The news that the People Bank of China, the Chinese central bank, is seriously intent on issuing its own digital currency, called ‘digital yuan’, has provoked unprecedented international reactions. After years in which the central banks and the main international policy-makers, from the G20 to the International Monetary Fund, had always declared themselves completely hostile to cryptocurrencies, the announcement by Chinese premier Xi Jiping a few weeks ago, according to which China will aim on the blockchain technology and on the adoption of its own digital currency to achieve global primacy in this field marked a turning point. So much so that more or less well-founded news seem to confirm the interest of other central banks in issuing their own cryptocurrency. Also the ECB could be one of them.
Only fantasy? Maybe. The fact is that there is a very important underlying reason that would motivate central bankers to adopt a fiat-crypto, if one can use this term that apparently sounds like an oxymoron. As blockchain technology now seems to have passed efficiency and stability tests, central banks would be thinking of replacing traditional currency with digital currency, perfectly embracing the concept that “money is all that is commonly accepted as a means of payment”. A definition that the cryptocurrency fully embraces.

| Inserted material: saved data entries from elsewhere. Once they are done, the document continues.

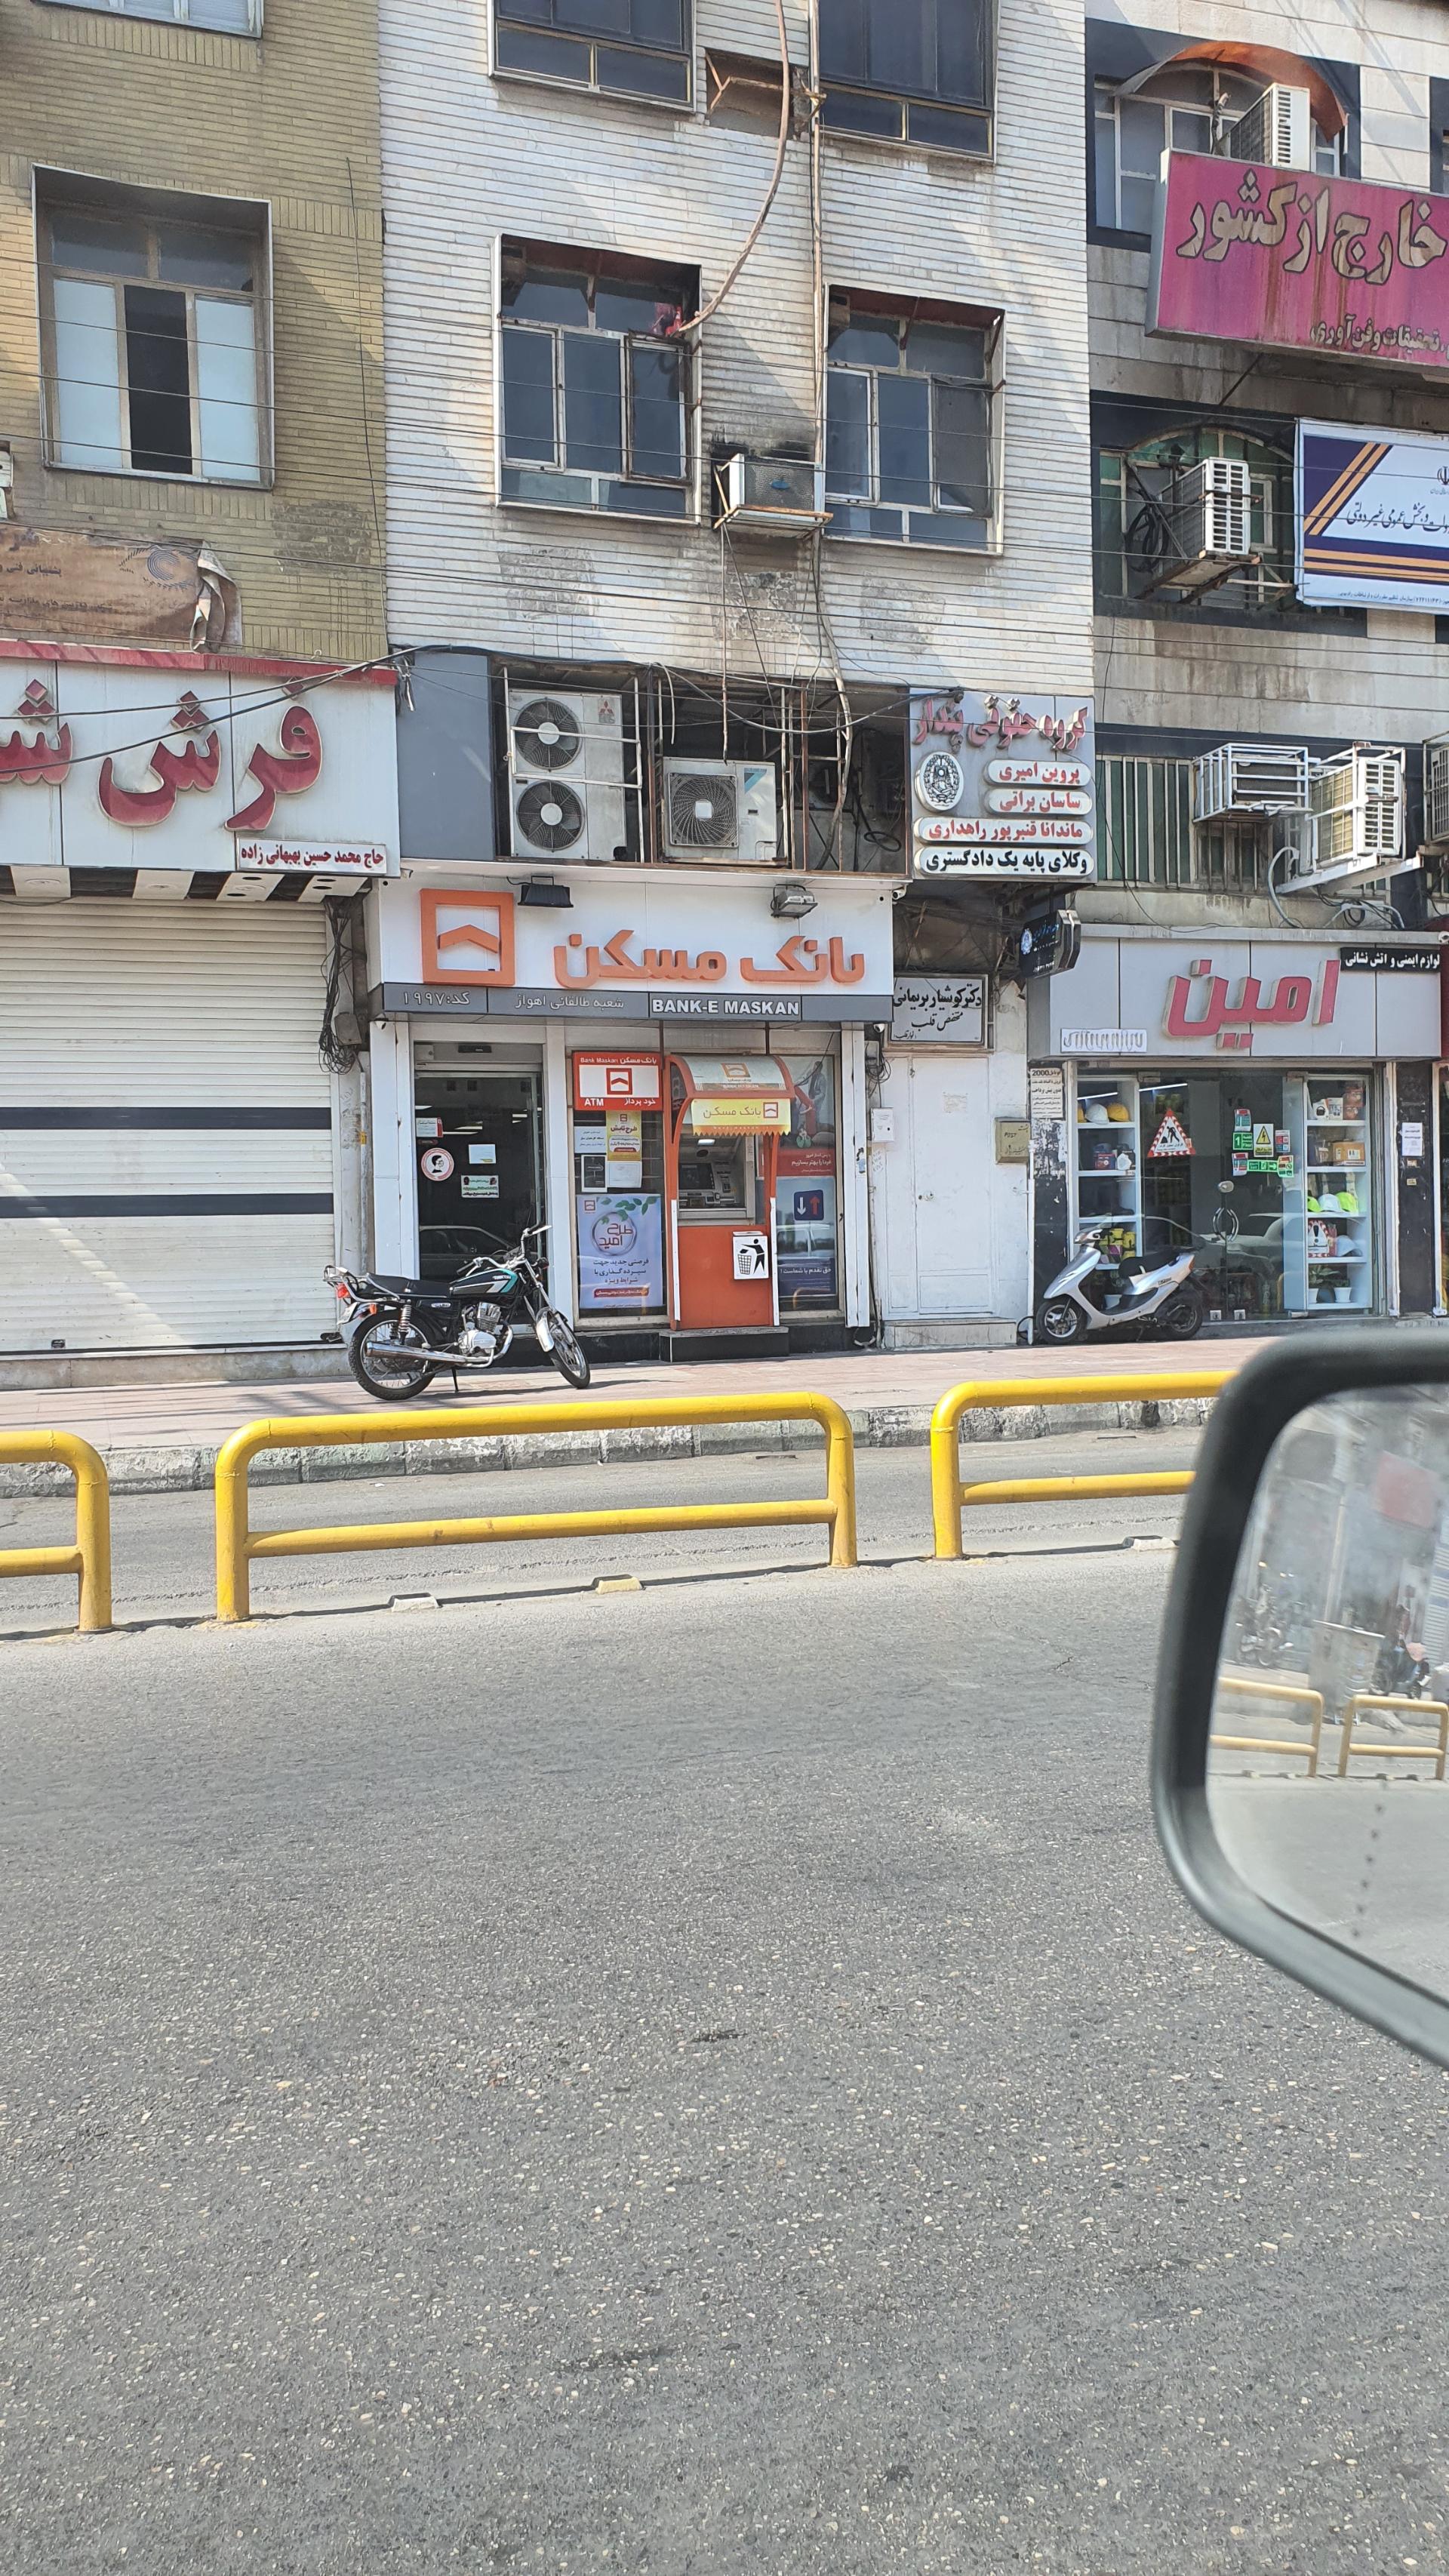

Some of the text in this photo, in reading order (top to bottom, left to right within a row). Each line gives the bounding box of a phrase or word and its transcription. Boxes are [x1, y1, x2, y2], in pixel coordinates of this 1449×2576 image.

[1176, 168, 1447, 286] خارج از کشور
[966, 694, 1038, 750] حقوقی
[98, 677, 323, 831] فرش
[999, 762, 1080, 784] پروین امیری
[999, 791, 1081, 812] ساسان براتی
[928, 820, 987, 841] راهداری
[1040, 822, 1083, 838] ماندانا
[241, 843, 384, 869] حاج محمد حسین بهبهانی زاده
[926, 850, 1087, 874] وکلای پایه یک دادگستری
[553, 929, 866, 989] بانک مسکن
[1345, 952, 1368, 967] نشانی
[1389, 956, 1395, 968] و
[1396, 953, 1419, 968] ایمنی
[1420, 953, 1441, 969] لوازم
[515, 993, 625, 1013] شعبه طالقانی اهواز
[929, 984, 967, 1011] کوشیار
[961, 983, 983, 1008] دکتر
[1163, 959, 1341, 1048] امین
[652, 999, 800, 1016] BANK-E MASKAN
[911, 1013, 937, 1032] قلب
[624, 1097, 656, 1106] خود پرداز
[703, 1106, 761, 1119] بانک مسکن
[625, 1125, 638, 1134] طرح
[607, 1223, 633, 1236] طرح
[598, 1235, 623, 1249] امید
[628, 1257, 649, 1266] فرصتی

A digital cryptocurrency would have the added advantage of complete traceability of transactions. We only can imagine the advantages that could derive for a central bank from having all the information on payments of all users of such a currency. Furthermore, the move would serve to strike a blow to traditional cryptocurrencies, such as Bitcoin, Ripple, etc., in the hope that by legalizing a fiat-crypto issued by the central bank the interest and, above all, the competition of these currencies will be reduced.
Central banks seem therefore strongly intent on issuing their cryptocurrencies in the coming years, with the aim of competing against the digital currencies issued by the private sector, with the added advantage of having complete control of the information on the transactions that take place in that currency, which we have called “fiat-crypto”. Is a world where central banks replace fiat money with their own cryptocurrencies desirable?

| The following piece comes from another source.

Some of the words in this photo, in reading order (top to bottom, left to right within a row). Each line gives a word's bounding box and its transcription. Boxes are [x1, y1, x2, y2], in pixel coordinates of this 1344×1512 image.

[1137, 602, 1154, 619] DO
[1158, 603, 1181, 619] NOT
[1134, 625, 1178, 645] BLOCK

The answer is yes if these currencies would ultimately compete with those in the private sector; it is no, on the other hand, if they have the intent to assume the monopoly and replace private competitors in every way. As Friederich von Hayek wrote in his famous book “The denationalization of money”, an optimal monetary system must be formed by coins issued by private institutions able to compete with each other, in order to remove the monopoly of issuing money held by the central banks.
In fact, the monopoly in issuing money is the true vulnus of a monetary system, not the type of currency (paper or digital) issued. By having the monopoly in issuing money, a central bank can influence the amount of money circulating in the economy and interest rates, the price of its currency and, consequently, exchange rates. This is something that the central bank could not do in a monetary system where currencies are issued by private institutions, and where the price would be decided by a typical market mechanism (law of supply and demand) instead of being imposed from above.
The Bitcoin revolution and the advent of other cryptocurrencies has granted the advantage of creating a completely decentralized and competitive mechanism between currencies, with all the advantages for consumers that a normal competitive mechanism entails. For this reason, the issuance of ever new digital currencies is always good news, while the willingness by central authorities to take the monopoly of the digital currency market is not.